Against the backdrop of possible famine in southern Africa and debate over genetically modified foods, delegates at the U.N. World Food Summit called Monday for governments to make good on pledges to end world hunger, reports the Associated Press.

U.N. Secretary-General Kofi Annan opened the summit by urging greater access for the world's farmers to land, credit, markets and technology - including technology to help them grow more resistant crops.

"There is no shortage of food on the planet," Annan told delegates at the U.N. Food and Agriculture Organization. "But while some countries produce more than they need to feed their people, others do not, and many of these cannot afford to import enough to make up the gap." The summit is expected to conclude Thursday with a declaration recommitting governments to promises to cut hunger they made in 1996 at the first food summit.

During that meeting, delegates pledged to reduce the number of hungry people in the world from 800 million to 400 million by 2015. Today, the number of people without enough to eat, however, remains at 800 million, according to AP.

"So there is no point in making further promises today," Annan said. "This summit must give renewed hope to those 800 million people by agreeing on concrete action."
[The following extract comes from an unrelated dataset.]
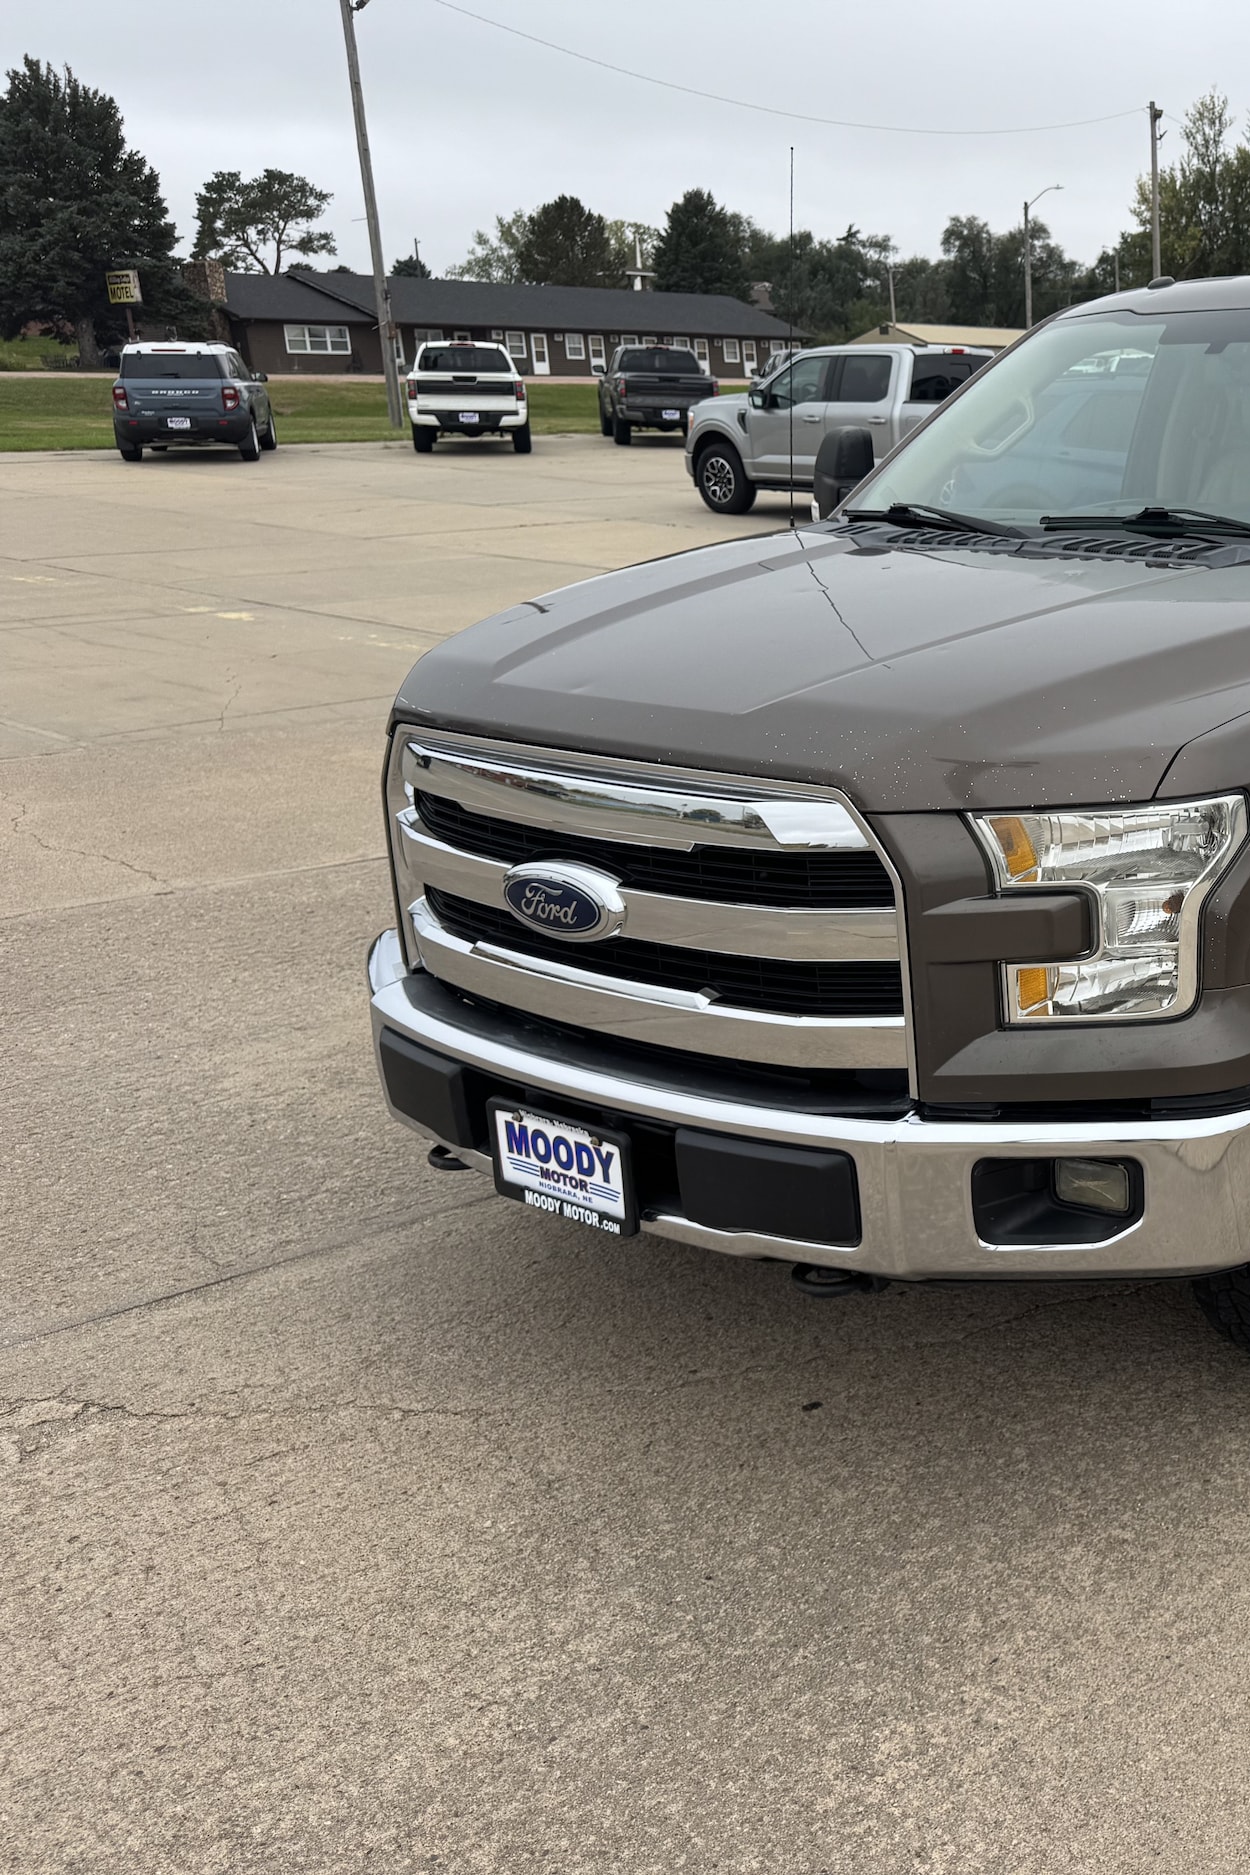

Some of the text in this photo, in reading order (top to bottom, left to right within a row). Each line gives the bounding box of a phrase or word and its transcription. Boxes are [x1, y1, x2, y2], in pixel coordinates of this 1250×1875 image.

Pope John Paul II, in a message read to the summit on his behalf, said the reasons that the 1996 goals hadn't been met were due to inertia, selfishness "and to international relations often shaped by pragmaticism devoid of ethical and moral grounds."

Annan cited the growing food crisis in southern Africa as an area for urgent action - an issue that is expected to figure prominently in speeches as well as in side events tackling issues such as the role of women in fighting rural hunger.

An estimated 12.8 million people in six southern African countries are at risk of starvation because of drought, floods, government mismanagement and economic instability.

Other issues are likely to crop up at the summit and on the sidelines as well - among them international trade policies, calls for delegates acknowledge the "right to food" for all, and the use of genetically altered seeds.

The United States has been a major advocate of genetically modified foods, arguing that the creation of drought - and-insect resistant crops ensures greater food security - a goal of the FAO, writes AP.

Opponents say engineered crops pose environmental and health hazards and are designed to benefit the multinational corporations that develop them, not farmers or consumers.

U.S. Agriculture Secretary Ann Veneman said Sunday such opposition was due to ignorance about the benefits of biotechnology, which she said she would highlight in her speech later Monday.

"We are already seeing new products being developed that could help some of the more food-deficit regions of the world," she said in an interview, citing drought-resistant corn and Vitamin A-enriched rice.

The United States has clashed with other delegations on another major issue on the agenda, that of having the summit agree to a code of conduct recognizing the "right to food" of the world's 6 billion people.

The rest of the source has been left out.